[Phrase grounding data]
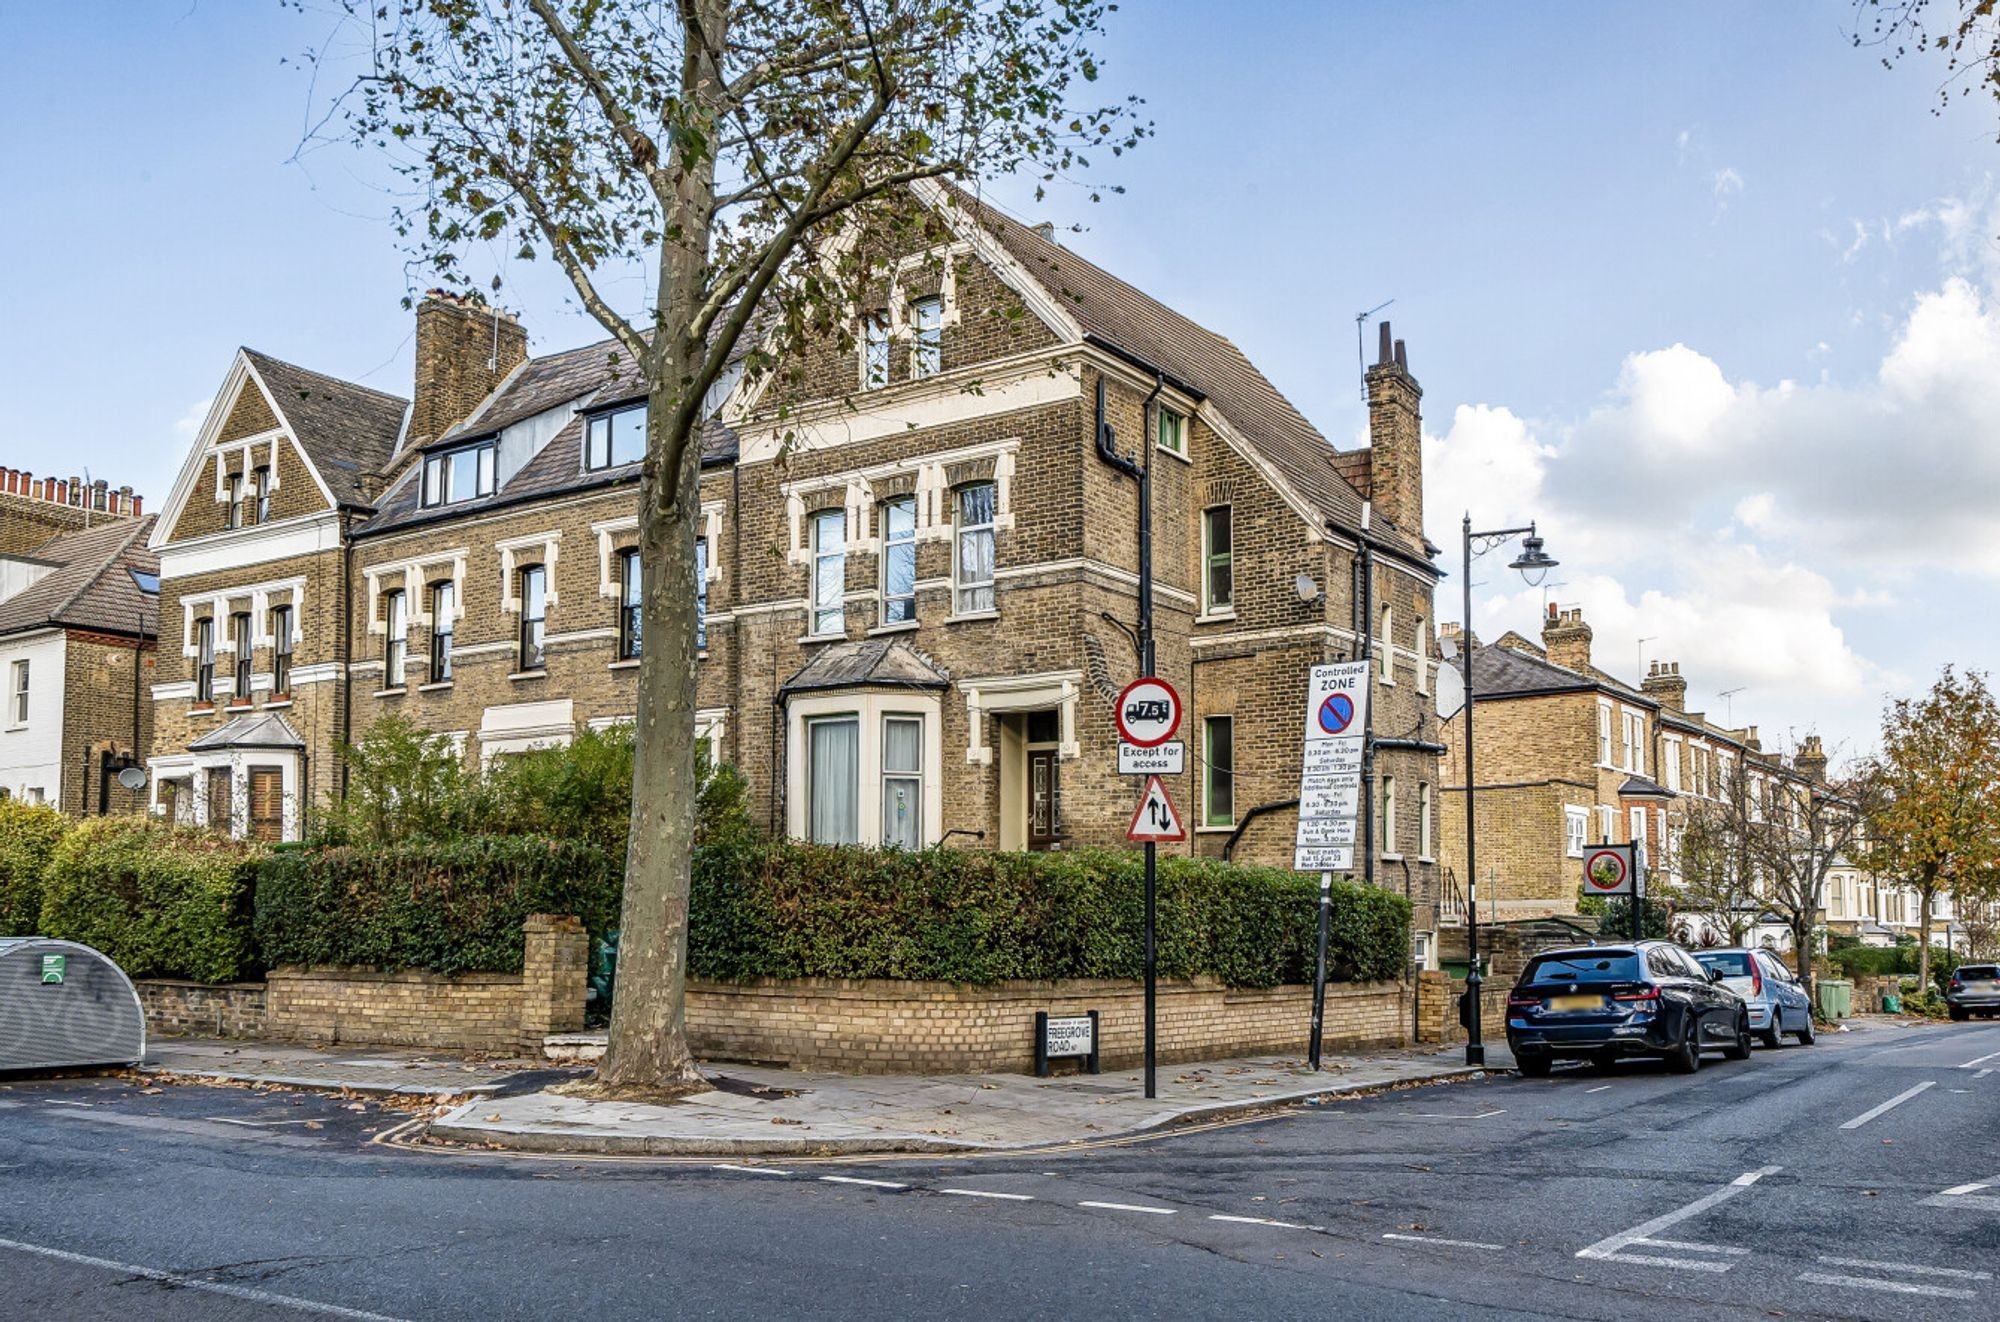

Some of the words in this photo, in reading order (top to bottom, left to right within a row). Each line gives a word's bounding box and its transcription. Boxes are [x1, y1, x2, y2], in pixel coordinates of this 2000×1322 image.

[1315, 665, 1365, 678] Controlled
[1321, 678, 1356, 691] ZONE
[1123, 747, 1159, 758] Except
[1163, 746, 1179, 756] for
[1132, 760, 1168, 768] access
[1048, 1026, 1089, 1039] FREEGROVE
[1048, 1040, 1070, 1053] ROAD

- [Assigned task]: Please give all of the data again, exact and free of pictures.

- [Solution to the exercise]:
Some of the words in this photo, in reading order (top to bottom, left to right within a row). Each line gives a word's bounding box and its transcription. Boxes are [x1, y1, x2, y2], in pixel coordinates of this 2000×1322 image.

[1315, 665, 1365, 678] Controlled
[1321, 678, 1356, 691] ZONE
[1123, 747, 1159, 758] Except
[1163, 746, 1179, 756] for
[1132, 760, 1168, 768] access
[1048, 1026, 1089, 1039] FREEGROVE
[1048, 1040, 1070, 1053] ROAD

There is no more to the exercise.